With a B.S. in Marketing from the UCONN School of Business, Ramona has made a name for herself publishing over … Read more ›

Rakhi Celebrations and the Hybridization of Cultures in the Contemporary World

Rakhi celebrations

Culture, in the broadest sense, is a shared set of norms, values and beliefs. We pass down our culture to our children based on our own lived experiences, and what we believe in. The decisions we make for our families reflect the values that we want to prioritize. We also hope that our children will want to pass them down to their own children.

As parents, it’s important to reflect on our cultural values: Where did they come from? Why do we believe in them today? Also, what values seem outdated or irrelevant in modern times and for our own children? By reflecting on these, parents will consciously be aware of the values that they believe are relevant, meaningful, and important to articulate to their children before they leave the nest and fly off into the world.

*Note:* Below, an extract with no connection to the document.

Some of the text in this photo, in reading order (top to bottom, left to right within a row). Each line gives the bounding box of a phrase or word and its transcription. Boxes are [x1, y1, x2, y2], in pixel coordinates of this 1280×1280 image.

Our South Asian-American culture is constantly shifting and adapting to reflect changes of the modern times. Today, we are continuing to hold on to the celebrations that bring us the most joy and meaning in our lives. For example, I am attending a family wedding, this October, where the bride is Gujarati and the groom is Tamilian. They have decided to have a Sangeet which is traditionally a Punjabi custom, but they wanted to celebrate both cultures in this new way with their families because they both love music and dancing to Bollywood songs. They are also honoring their individual cultures during the ceremony by having a mangalsutra (the most important piece of the Tamilian ceremony) and the sindoor (the most important part of the Gujarati ceremony).

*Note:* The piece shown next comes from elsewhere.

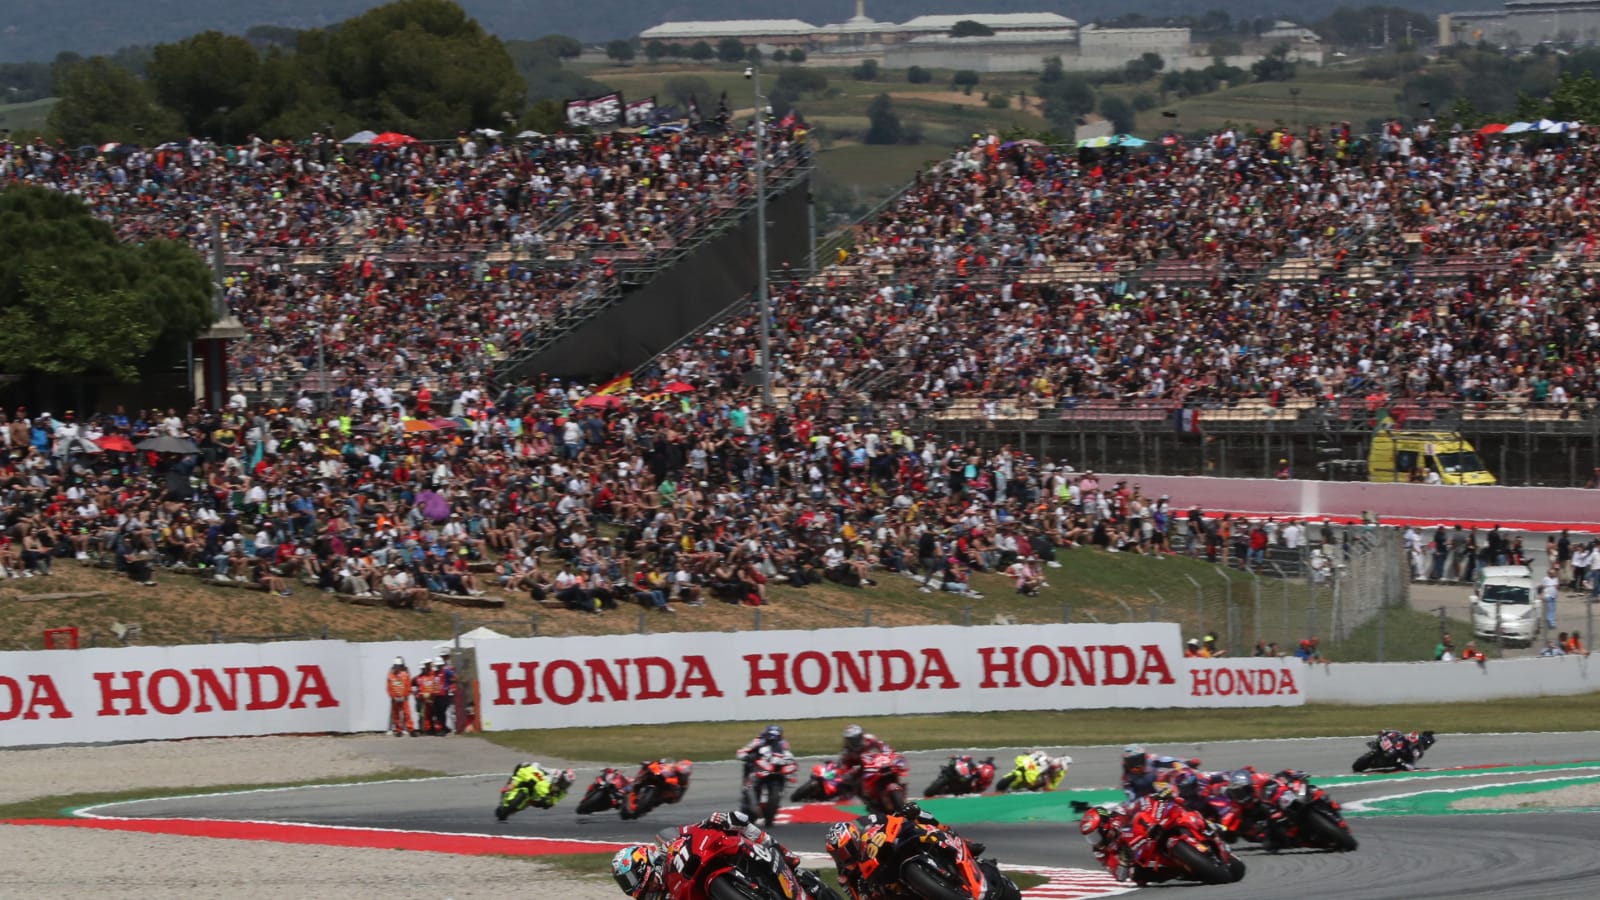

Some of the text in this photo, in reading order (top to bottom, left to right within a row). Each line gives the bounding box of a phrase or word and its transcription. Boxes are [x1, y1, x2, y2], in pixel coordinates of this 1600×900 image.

[Read Related: Celebrating Rakhi: An Ode to Our Brothers ]

As we approach Rakhi this year, I think back to how I used to celebrate Bhai Phota, which is a Bengali version of Rakhi celebrated during Diwali. Today, I have chosen to celebrate Rakhi with my brother and with my Bengali-Gujrati family as a separate celebration, that takes place in August, because this way we can spend more quality time celebrating this sibling bond.

Post-colonial theorist Homi Bhabha puts forth how when cultures mix together, we often open up a hybrid, third space, which forms new ways of being and living in the world. This idea of hybridity acknowledges the space in-between cultures which is filled with contradictions and indeterminate spaces. By negotiating between these differences, we are able to create new forms of culture and identity.

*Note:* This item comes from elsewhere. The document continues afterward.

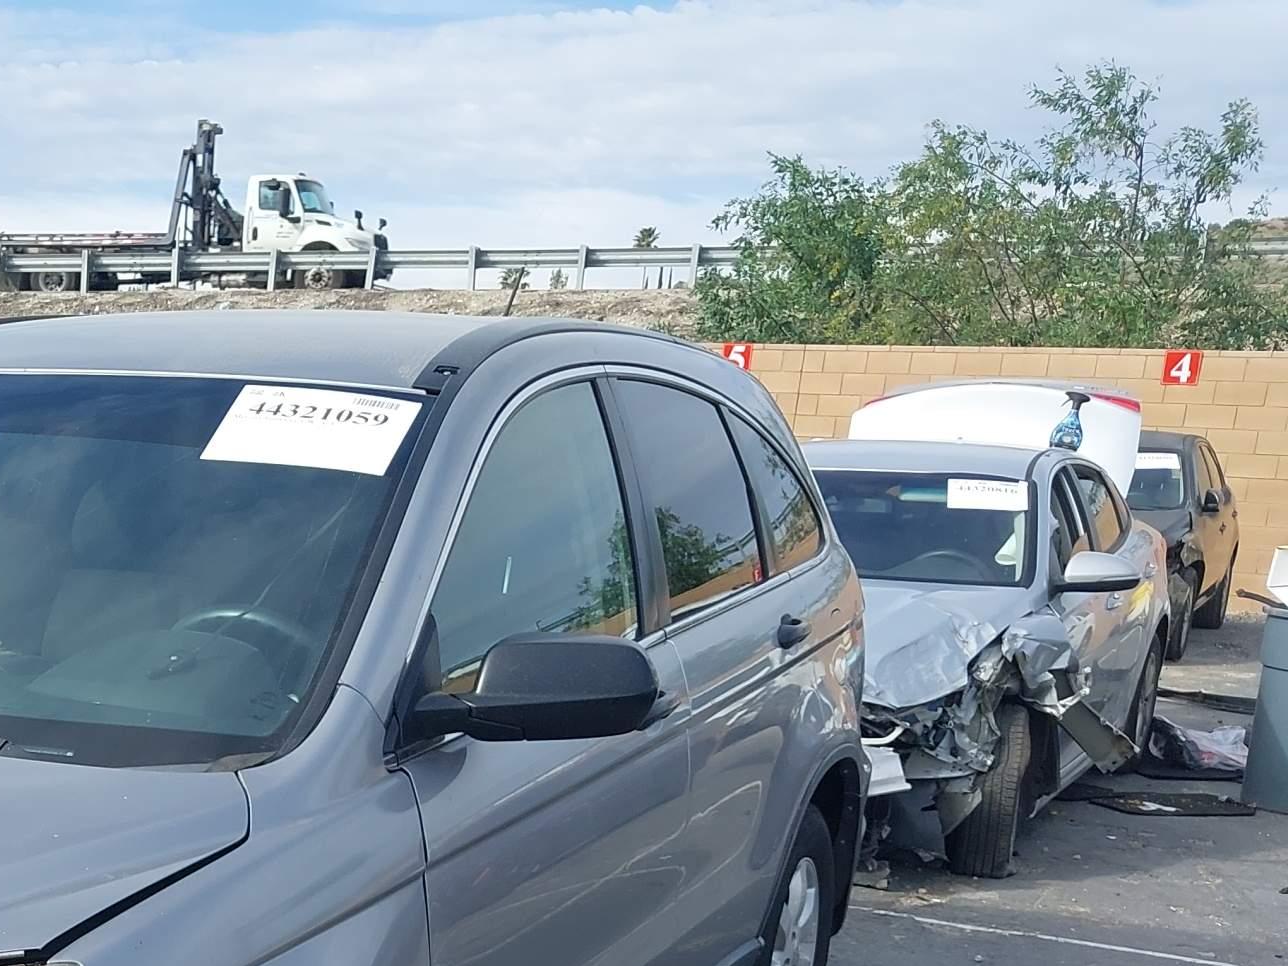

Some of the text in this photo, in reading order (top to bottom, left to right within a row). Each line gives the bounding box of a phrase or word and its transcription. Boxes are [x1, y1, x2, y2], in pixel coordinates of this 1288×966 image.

“hybridity… is the ‘third space’ which enables other positions to emerge.” – Homi Bhabha

Today, South Asian American children are forming new ways of connecting to their cultural identities. This summer, I launched my new children’s book, Shanti and The Knot of Protection: A Rakhi Story, to provide more context to children about the historical origins of Rakhi, while also capturing the new and unique ways Rakhi is being celebrated in contemporary times. In contemporary times, we don’t just celebrate with our immediate siblings, but also with our network of family and friends that we have created in our communities.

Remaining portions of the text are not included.